気功は意識が大切というのは、このブログで書いてきていることですが、筋トレもどれだけ結果が出やすいかどうかは意識に依存します。
気功はどんな変化が起きているか、共感覚として意識をあげないといけないのと同じように、筋トレも、どこに意識をさせているか、狙った部位の意識の濃度がどれだけ高いかによって結果が変わってしまいます。
それは変化の濃度に対するセンサーです。
変化を繊細に感じ取る神経といってもいい。
たとえば、腕立て伏せ(壁腕立て伏せでもOK)で、10秒かけて降ろして、5秒かけて維持して、10秒かけて上げてくる、ということをすると、どこで意識が飛んでしまうのか、
どこが負荷がかかっているときに分かりやすく感じるのか、どこが意識にあげやすいのか、その濃度をつぶさに観察しながらやると相当に効きます。(なぜ、そうしないといけないかというと、他の筋肉で代償させてしまうからです。脳はすぐにサボってしまうことと同じ)
ちなみに、ぼくらは精密な機械のように意識的に変化させるようにしていかないと同じようなことを繰り返します。

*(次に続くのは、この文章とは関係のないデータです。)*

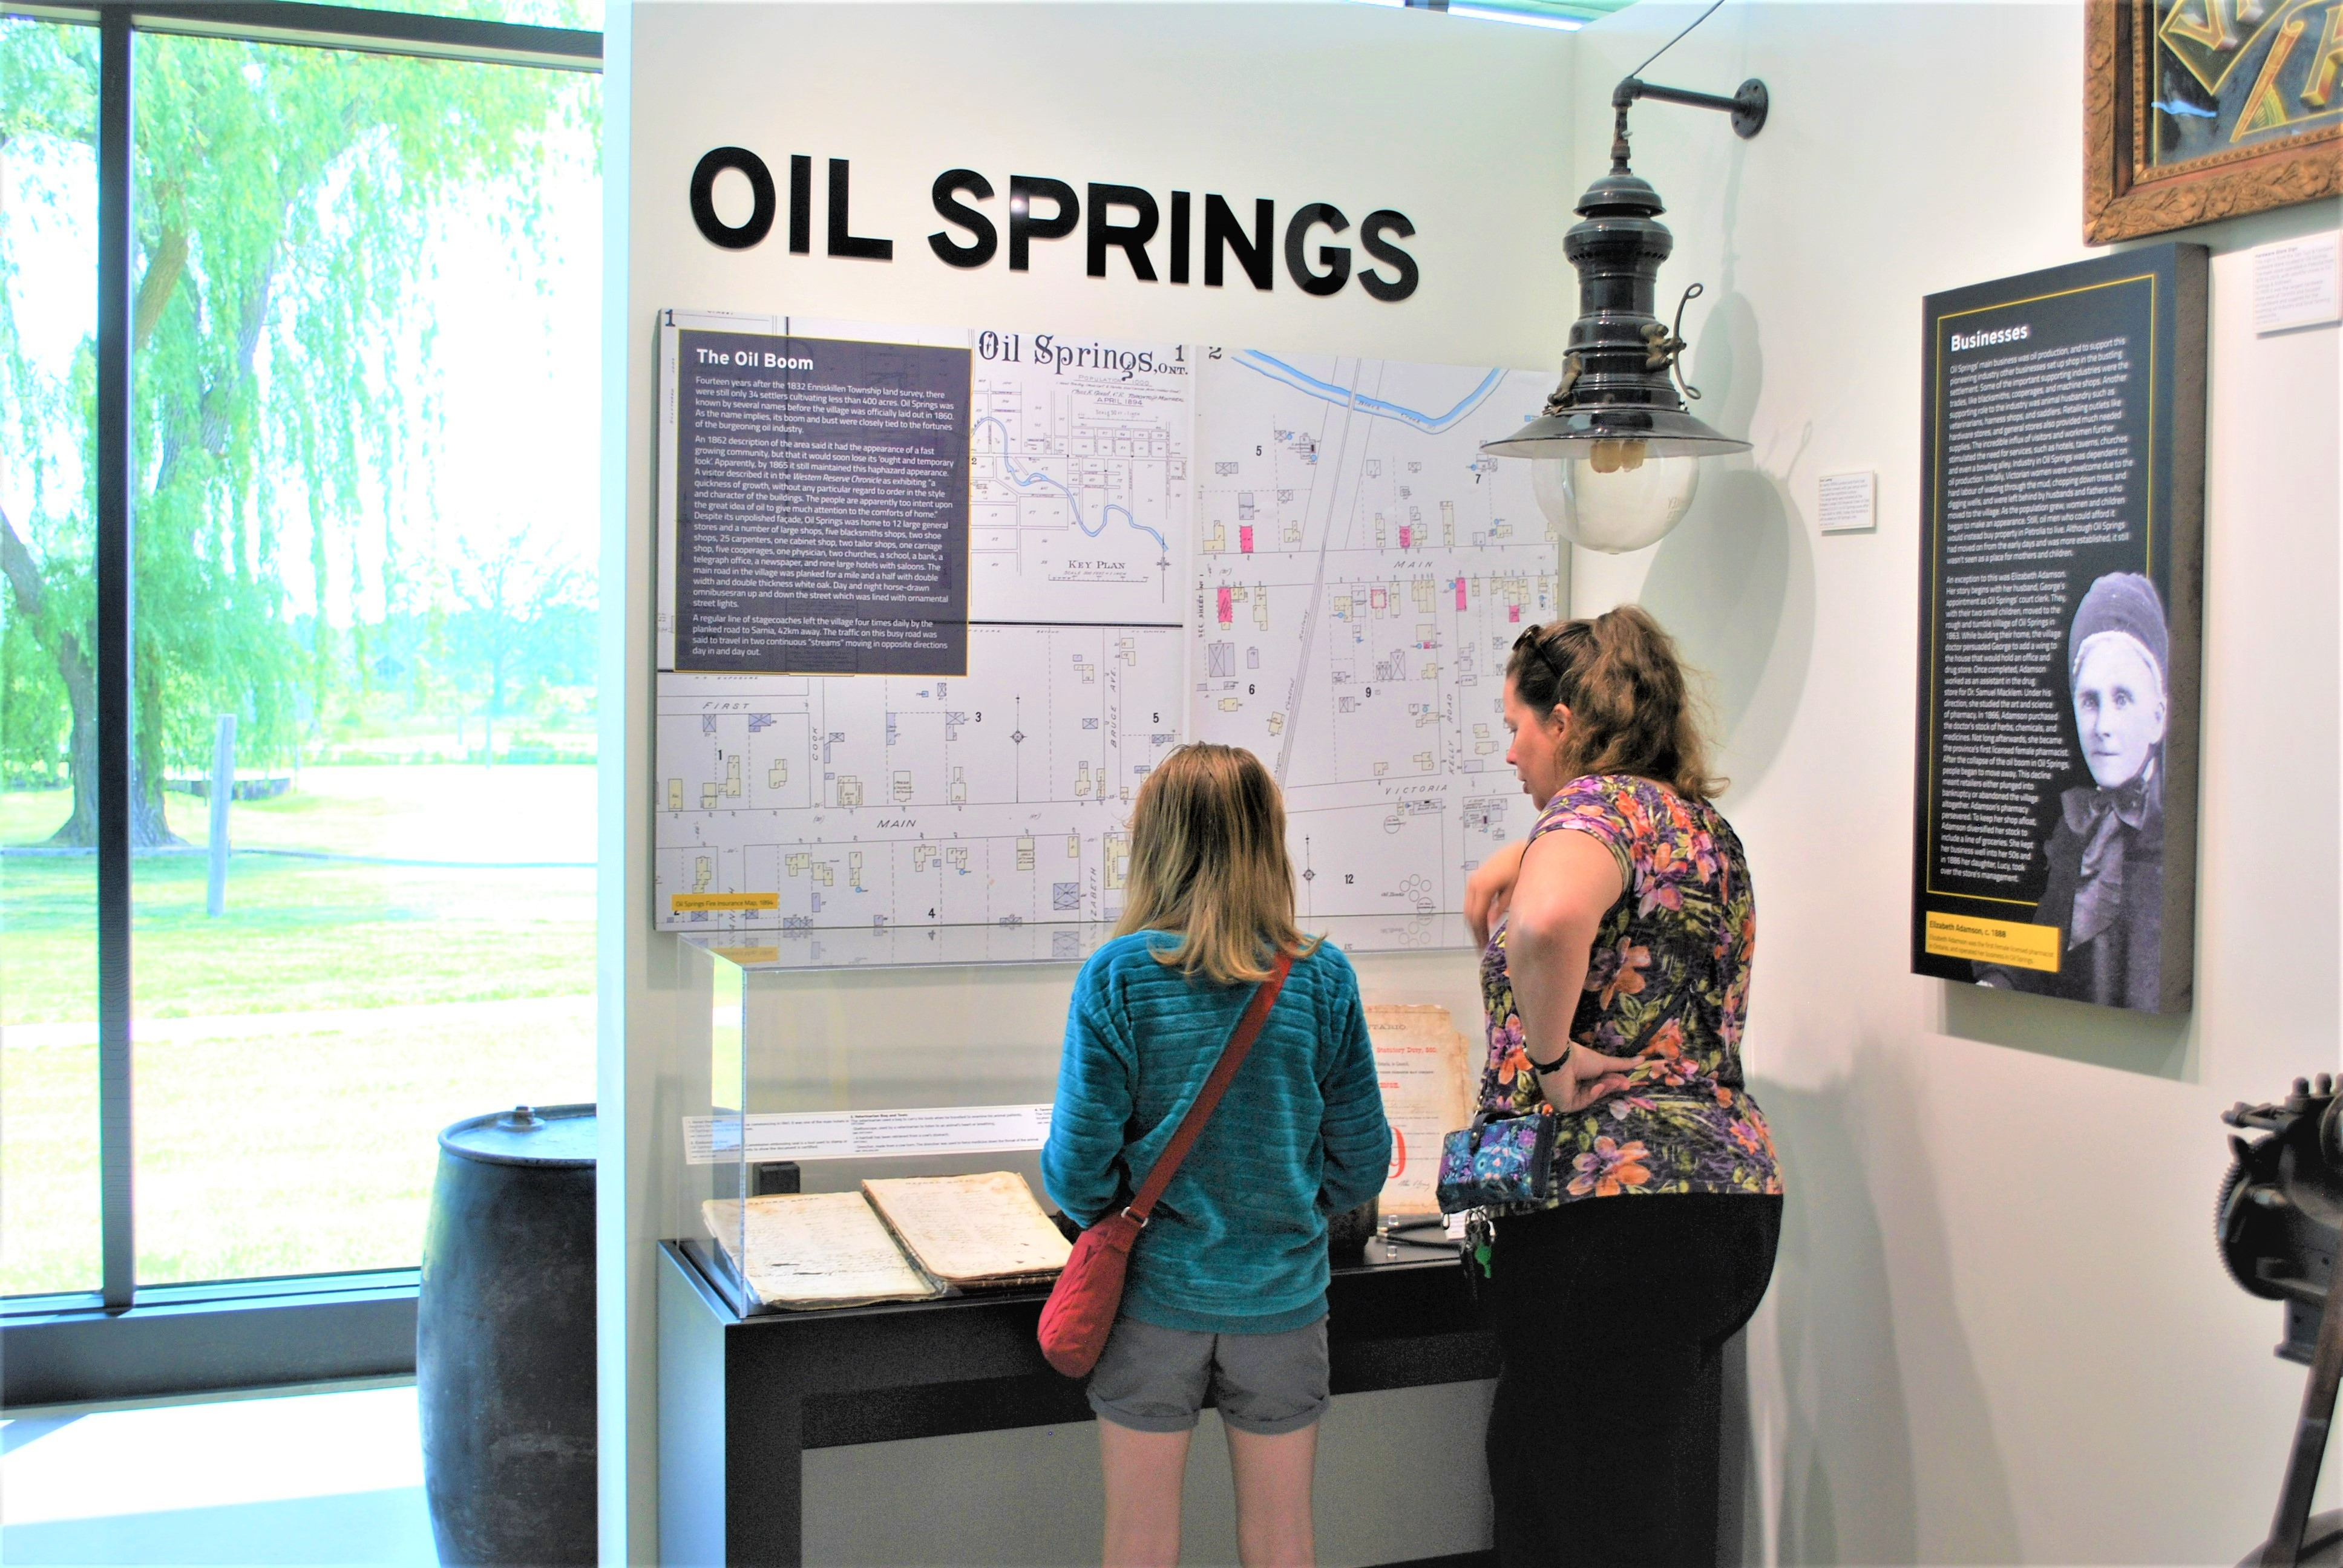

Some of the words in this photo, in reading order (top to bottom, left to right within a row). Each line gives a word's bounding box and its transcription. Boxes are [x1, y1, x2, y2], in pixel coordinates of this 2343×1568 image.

[690, 146, 894, 261] OIL
[926, 168, 1420, 302] SPRINGS
[665, 309, 675, 327] 1
[1951, 324, 2028, 351] Businesses
[979, 330, 1021, 362] Oil
[696, 348, 730, 365] The
[735, 351, 759, 367] Oil
[764, 353, 814, 371] Boom
[1175, 345, 1185, 362] 1
[1208, 346, 1222, 361] 2
[1078, 374, 1122, 384] POPULATION
[696, 377, 730, 387] Fourteen
[731, 381, 751, 390] years
[753, 380, 771, 388] after
[772, 381, 784, 390] the
[787, 382, 805, 391] 1832
[807, 383, 846, 393] Enniskillen
[847, 385, 881, 397] Township
[882, 387, 898, 396] land
[899, 390, 924, 399] survey,
[926, 390, 945, 398] there
[716, 389, 729, 397] still
[730, 390, 747, 400] only
[759, 391, 788, 400] settlers
[789, 393, 827, 405] cultivating
[828, 395, 843, 403] less
[844, 396, 860, 404] than
[862, 397, 877, 405] 400
[900, 399, 910, 407] Oil
[911, 399, 938, 411] Springs
[695, 399, 720, 407] known
[722, 400, 731, 410] by
[733, 400, 759, 410] several
[787, 403, 811, 412] before
[825, 405, 850, 416] village
[867, 408, 897, 419] officially
[934, 411, 954, 420] 1860.
[706, 410, 719, 418] the
[743, 411, 771, 423] implies,
[784, 414, 805, 422] boom
[821, 416, 837, 424] bust
[858, 417, 883, 428] closely
[885, 419, 899, 427] tied
[909, 420, 921, 428] the
[922, 420, 952, 430] fortunes
[704, 420, 717, 428] the
[718, 421, 761, 433] burgeoning
[761, 423, 770, 431] oil
[772, 423, 804, 435] industry.
[1256, 445, 1262, 457] 5
[1475, 474, 1481, 485] 7
[1068, 560, 1092, 569] KEY
[1096, 561, 1126, 569] PLAN
[1394, 560, 1434, 569] MAIN
[700, 614, 726, 624] regular
[752, 615, 802, 626] stagecoaches
[830, 617, 853, 627] village
[893, 619, 909, 629] daily
[911, 619, 919, 629] by
[692, 646, 706, 656] day
[731, 647, 745, 657] day
[1248, 684, 1255, 696] 6
[1366, 687, 1372, 699] 9
[703, 702, 750, 711] FIRST
[975, 711, 982, 723] 3
[1153, 713, 1159, 724] 5
[717, 750, 723, 760] 1
[1385, 784, 1447, 795] VICTORIA
[877, 819, 917, 829] MAIN
[1345, 874, 1354, 885] 12
[928, 907, 936, 918] 4
[1929, 921, 1955, 932] Elizabeth
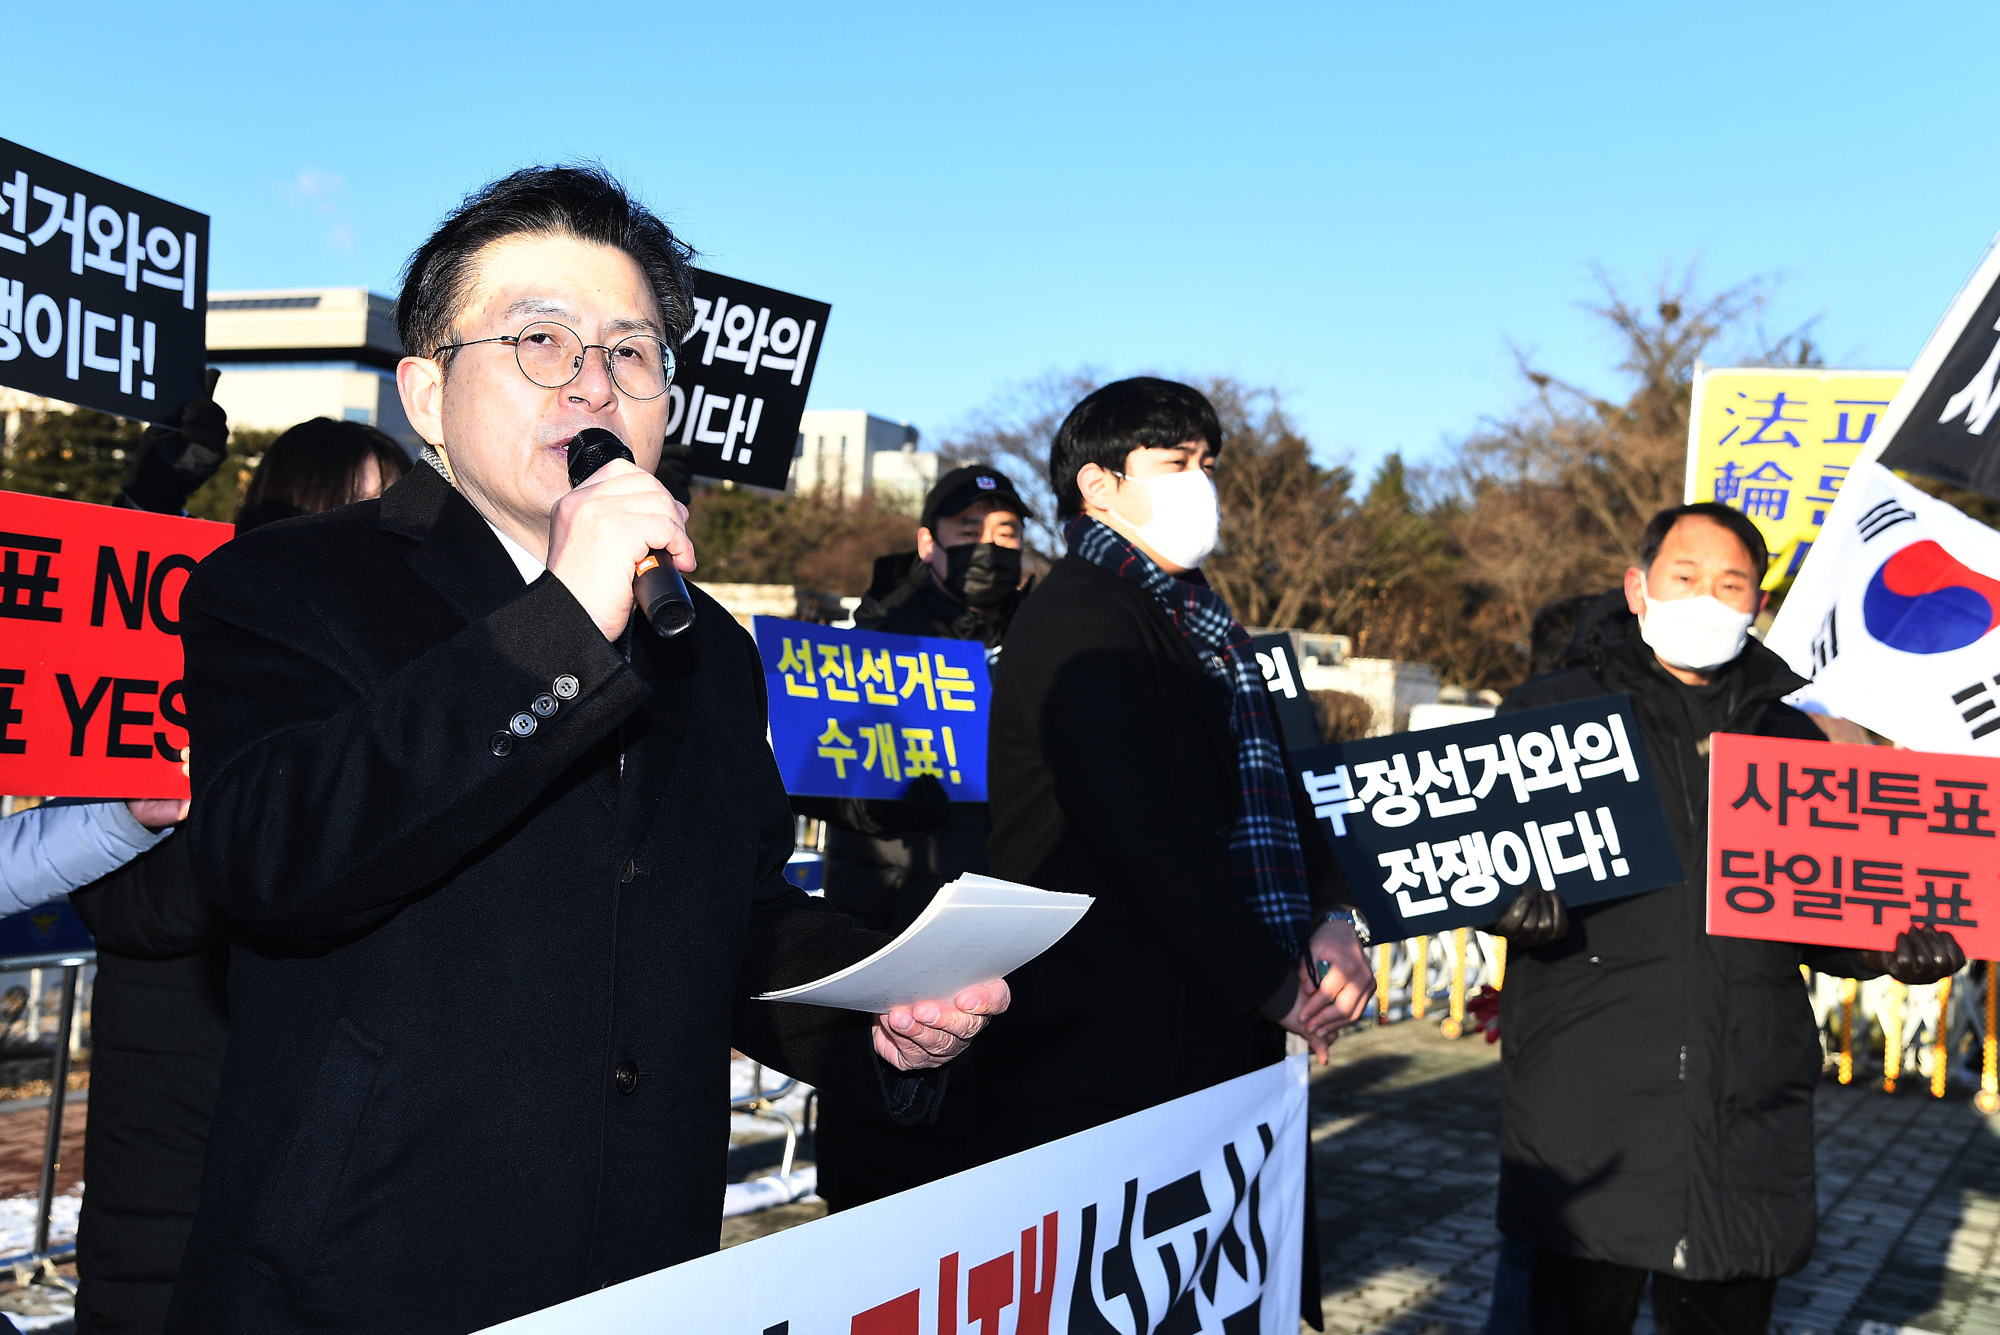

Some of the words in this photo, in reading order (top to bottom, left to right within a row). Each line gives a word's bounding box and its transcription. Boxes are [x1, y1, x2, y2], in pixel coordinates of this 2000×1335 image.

カーブが近づくたびに意識して、「必ずトライしろ!」と頭の中で自分に強く命令した。命令しないと、何十個もあるカーブのいくつかは、前の周とまったく同じ場所でブレーキを踏んでいることがデータで見てとれる。不思議だけど、寸分違わず同じ場所でブレーキをしていて、まったく進歩していない。人間は意外と精密だと驚く。しかし人間は意識しないと、ふだんと同じところにとどまってしまうのも事実。
『崖っぷちの覚悟』p.126 井原慶子
間違ったことをすればひたすらに間違った方向に進んでいき、怪我のしやすい、機能的でない動きをしていたら、ひらすらにそれを強化する動きを繰り返していってしまうということでもあります。
意図的に変容させる意識をすることは情報空間の書き換えに繋がります。
そうすることで情報から写像された存在である身体は大きく変わります。
なにかを変えたいとき、始めたいときには、特別な何かをする必要は無くて、意識が変わるような環境をデザインをすればいい、ということを以前の記事で書きましたが、トレーニングはひとつの機会の通り路となり得ます。
解剖学と気功を最大限利用したトレーニングで身体を機能的に美しくデザインしていくことで、決して覗きみることの出来なかった自分の高いポテンシャルに気付くことが出来るのかもしれません。
今の人は本当に重いものを持ち上げた経験はないのだろうかということです。自分を超える圧倒的な存在と対峙する経験が無いと、幼児的な全能感から逃れられません。もちろん本当に重いものを持っている人々でも、それでも間違った使い方を修正しなくてはいけませんが、持っていない人に比べると、持っている人は圧倒的に速く身体を修正できます(もちろん古いフレームが邪魔することもありますが)。
重いものを持ち上げる経験をするのは簡単です。壁を押してみればいいです。押して動かさないといけないと思って押してみることです。もしくは窓枠などを持ち上げようとしてみてください。頭の血管が切れるくらいに力を込めてみると、ハタの感覚が浮かび上がってきます。
頭の血管が切れるとか筋繊維が切れるとか筋繊維が断裂するとか、内出血するとか、非常に暴力的で野蛮な感じがしますが、ハタヨガをされている受講生達が感じるように、普通のいわゆる普通の身体の使い方のほうがはるかに暴力的です。身体を地面に叩きつけながら歩き、ありえないバランスで筋肉を壊しながら立ったり座ったりしています。そして壊しても、そのことに気付かない鈍感さ故にそれが普通と思っています。
整体で全身を機能に動く状態へ変化させながら、やっていくトレーニングは圧倒的な変化を作り出していくことが可能になります。
頭を鍛えつつ、身体を鍛えつつ、共感覚を鍛えるという圧倒的に移動していけるチャンスの経路のひとつかと思います。
ただ、これは変化した世界に移動したときに実感するものであって、現状の自分では観えない世界。
知らなければ観えない世界。
ゴールがあって、そこに向かって移動している人の言葉を聞くことで垣間見ることができるものです。
そういう世界もあるのかと、自分の理想世界と合わせて想像してみることかと思います。
身体の快適さが観えない人には、快適さは存在しないのと同じように。
身体の表現型として分かりやすいのは、トレーニングのデッドリフトが重量を200キロから一気に230キロまで扱える重量が上がったり、ベンチプレスを100キロを無理なくあげたりできるようになったりするものです。
そして、機能性をあげながら鍛えている身体は思考力や決断力、意志力にも影響を与えます。
IQと身体はきわめて密接です。身体を整えれば、必要なIQは手に入りやすくなります。